猪繁殖与呼吸综合征病毒SCQ株ORF5基因在E.coli中表达的初步研究

Expression of ORF5 gene of Porcine reproductive and respiratory sydrome virus in E.coli

根据已测定的猪繁殖与呼吸综合征病毒SCQ株序列设计1对引物,应用PCR方法从重组质粒PMD-ORF5扩增得到缺失信号肽序列的基因片段dORF5,将dORF5克隆至原核表达载体PBAD/Myc-His B上,成功地构建了重组表达质粒PBAD/Myc-His B-dORF5,转化大肠埃希菌TOP10感受态细胞,经阿拉伯糖诱导表达,SDS-PAGE可检测到分子质量约为19.4 ku的目的蛋白,经蛋白质分析软件Bandscan分析,其表达量可达17.1%。Western blotting分析结果表明,该重组蛋白可被兔抗PRRSV血清所识别,这为进一步研究GP5蛋白的结构、功能和开发新型诊断试剂盒、新型疫苗提供了理论与物质基础。

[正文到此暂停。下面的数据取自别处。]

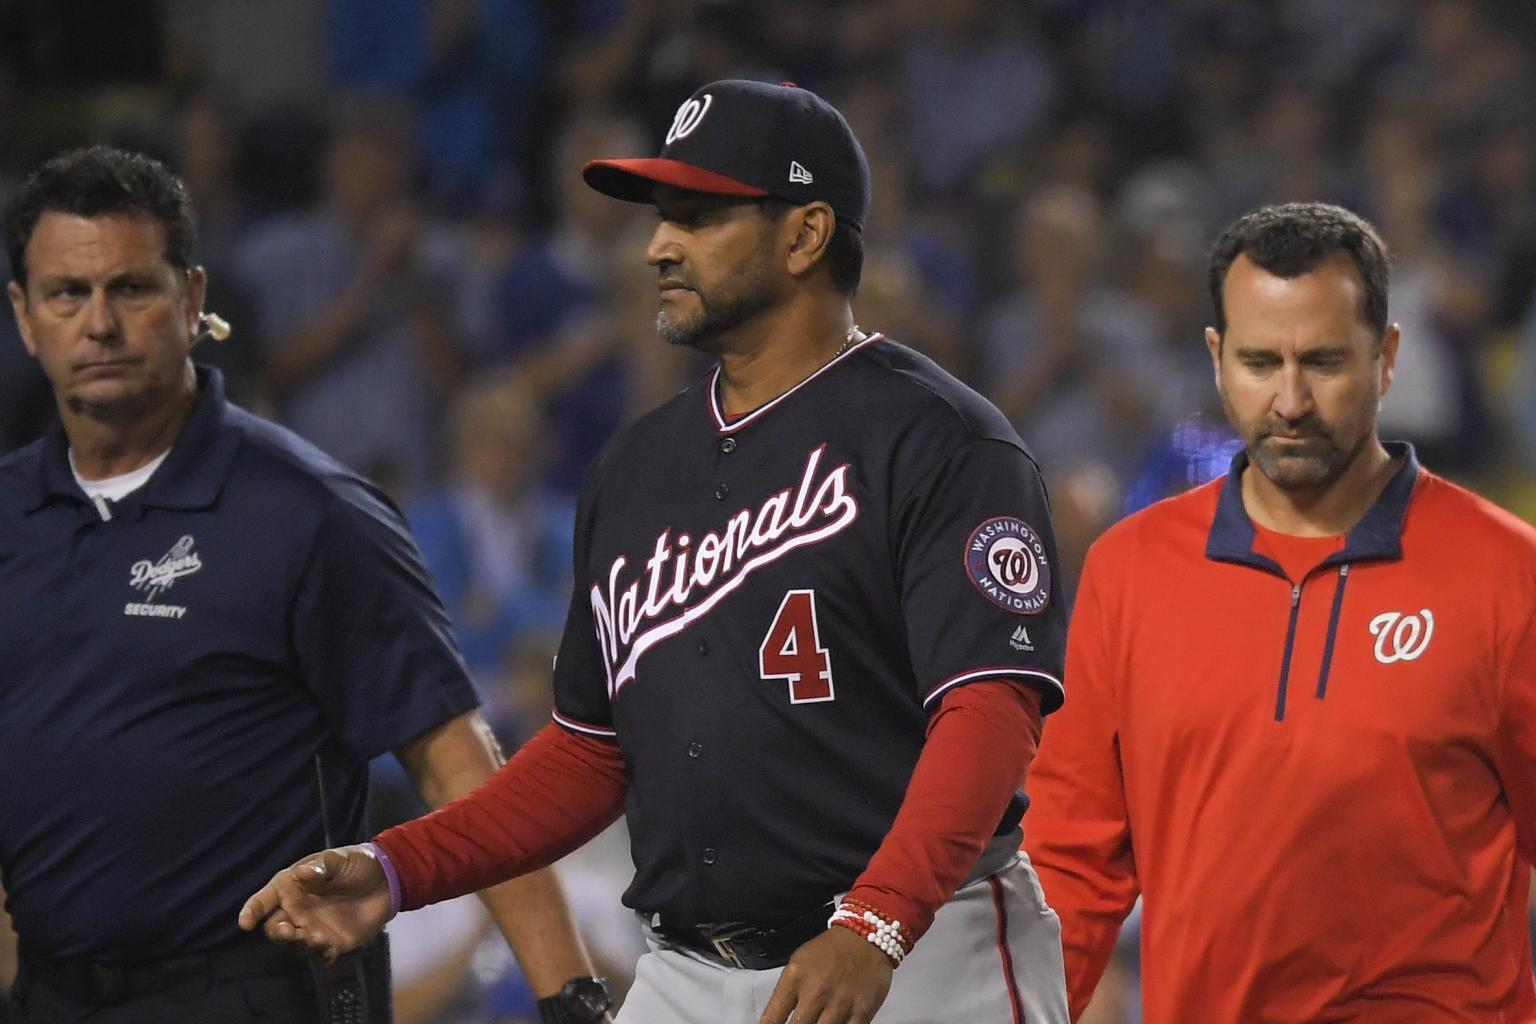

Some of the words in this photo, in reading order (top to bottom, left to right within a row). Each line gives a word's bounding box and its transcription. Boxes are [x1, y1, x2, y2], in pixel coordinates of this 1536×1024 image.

[665, 93, 713, 145] W
[972, 520, 1047, 566] WASHINGTON
[128, 552, 203, 587] Dodgers
[590, 442, 857, 701] Nationals
[993, 547, 1032, 587] W
[124, 602, 187, 618] SECURITY
[979, 576, 1048, 610] NATIONALS
[759, 589, 835, 704] 4
[1368, 608, 1434, 664] W
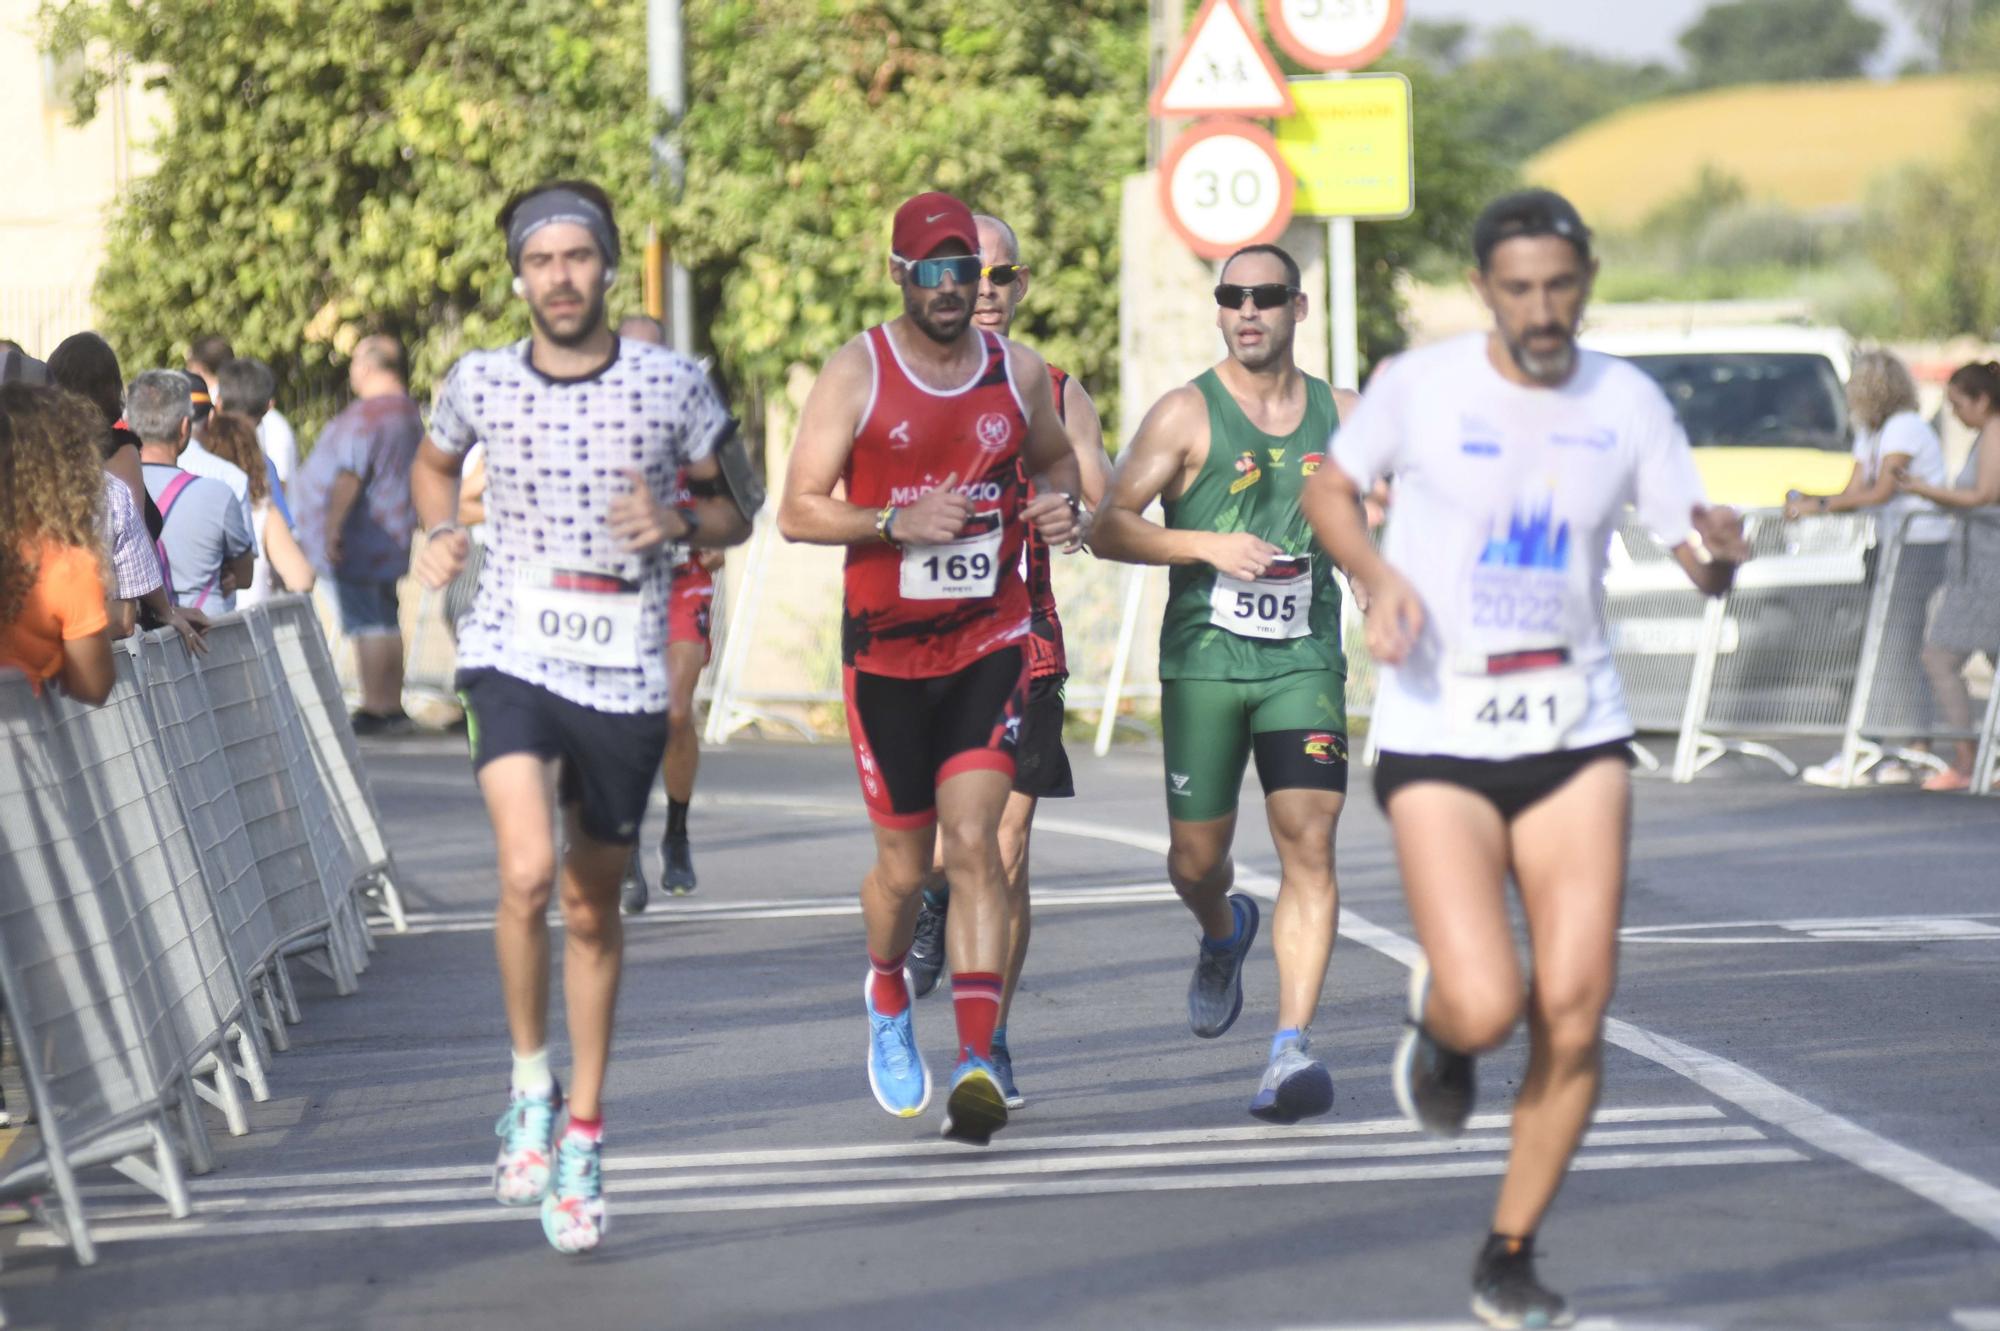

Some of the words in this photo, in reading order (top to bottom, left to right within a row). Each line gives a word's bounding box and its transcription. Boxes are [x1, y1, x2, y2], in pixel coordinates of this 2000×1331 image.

[1194, 169, 1261, 207] 30
[922, 553, 991, 581] 169
[1233, 591, 1297, 622] 505
[1472, 592, 1563, 632] 2022
[538, 608, 613, 645] 090
[1476, 694, 1557, 726] 441

A pair of primers based on the sequence of Porcine reproductive and respiratory sydrome virus ORF5 gene were designed. The dORF5 gene deleted N - terminal signal peptide from recombinant plasmid PMD - ORF5 was amplified by PCR. The segment was cloned into expression vector PBAD/Myc - His B and constructed the recombinant plasmid PBAD -dORF5. The PBAD -dORF5 was transformed into E. coli TOP10 cells and the cells were induced by L- arabrose. The SDS - PAGE test indicated that the GP5 protein was expressed in E. coli cell. The molecular weight was about 19.4 ku and it can amount to 17. 1% of the total mass of bacterial proteins. The Western - blotting test showed that the protein had immunolog^cally reactive activity. This study provided fundamental data and materials for the further study on the structure and function of GP5 protein, as well as new type molecular diagnostic reagent.